### Data for processing
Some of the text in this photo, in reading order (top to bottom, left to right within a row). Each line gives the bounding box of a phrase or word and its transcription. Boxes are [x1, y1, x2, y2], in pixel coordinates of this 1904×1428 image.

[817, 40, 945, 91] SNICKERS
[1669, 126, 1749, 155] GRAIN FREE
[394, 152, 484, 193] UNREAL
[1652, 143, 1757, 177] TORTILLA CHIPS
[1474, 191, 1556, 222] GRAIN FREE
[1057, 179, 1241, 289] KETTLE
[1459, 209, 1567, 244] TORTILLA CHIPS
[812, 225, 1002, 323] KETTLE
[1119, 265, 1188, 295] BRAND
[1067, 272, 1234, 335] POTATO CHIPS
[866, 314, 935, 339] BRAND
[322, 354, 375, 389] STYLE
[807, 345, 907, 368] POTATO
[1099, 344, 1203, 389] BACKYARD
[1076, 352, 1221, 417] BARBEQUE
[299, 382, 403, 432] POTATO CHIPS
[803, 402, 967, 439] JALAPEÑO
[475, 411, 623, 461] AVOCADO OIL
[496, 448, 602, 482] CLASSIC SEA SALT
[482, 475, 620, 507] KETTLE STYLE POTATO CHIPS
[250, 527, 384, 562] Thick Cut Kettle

### Exercise prompt
Repeat the listing exactly, leaving nothing out.

### Reply
Some of the text in this photo, in reading order (top to bottom, left to right within a row). Each line gives the bounding box of a phrase or word and its transcription. Boxes are [x1, y1, x2, y2], in pixel coordinates of this 1904×1428 image.

[817, 40, 945, 91] SNICKERS
[1669, 126, 1749, 155] GRAIN FREE
[394, 152, 484, 193] UNREAL
[1652, 143, 1757, 177] TORTILLA CHIPS
[1474, 191, 1556, 222] GRAIN FREE
[1057, 179, 1241, 289] KETTLE
[1459, 209, 1567, 244] TORTILLA CHIPS
[812, 225, 1002, 323] KETTLE
[1119, 265, 1188, 295] BRAND
[1067, 272, 1234, 335] POTATO CHIPS
[866, 314, 935, 339] BRAND
[322, 354, 375, 389] STYLE
[807, 345, 907, 368] POTATO
[1099, 344, 1203, 389] BACKYARD
[1076, 352, 1221, 417] BARBEQUE
[299, 382, 403, 432] POTATO CHIPS
[803, 402, 967, 439] JALAPEÑO
[475, 411, 623, 461] AVOCADO OIL
[496, 448, 602, 482] CLASSIC SEA SALT
[482, 475, 620, 507] KETTLE STYLE POTATO CHIPS
[250, 527, 384, 562] Thick Cut Kettle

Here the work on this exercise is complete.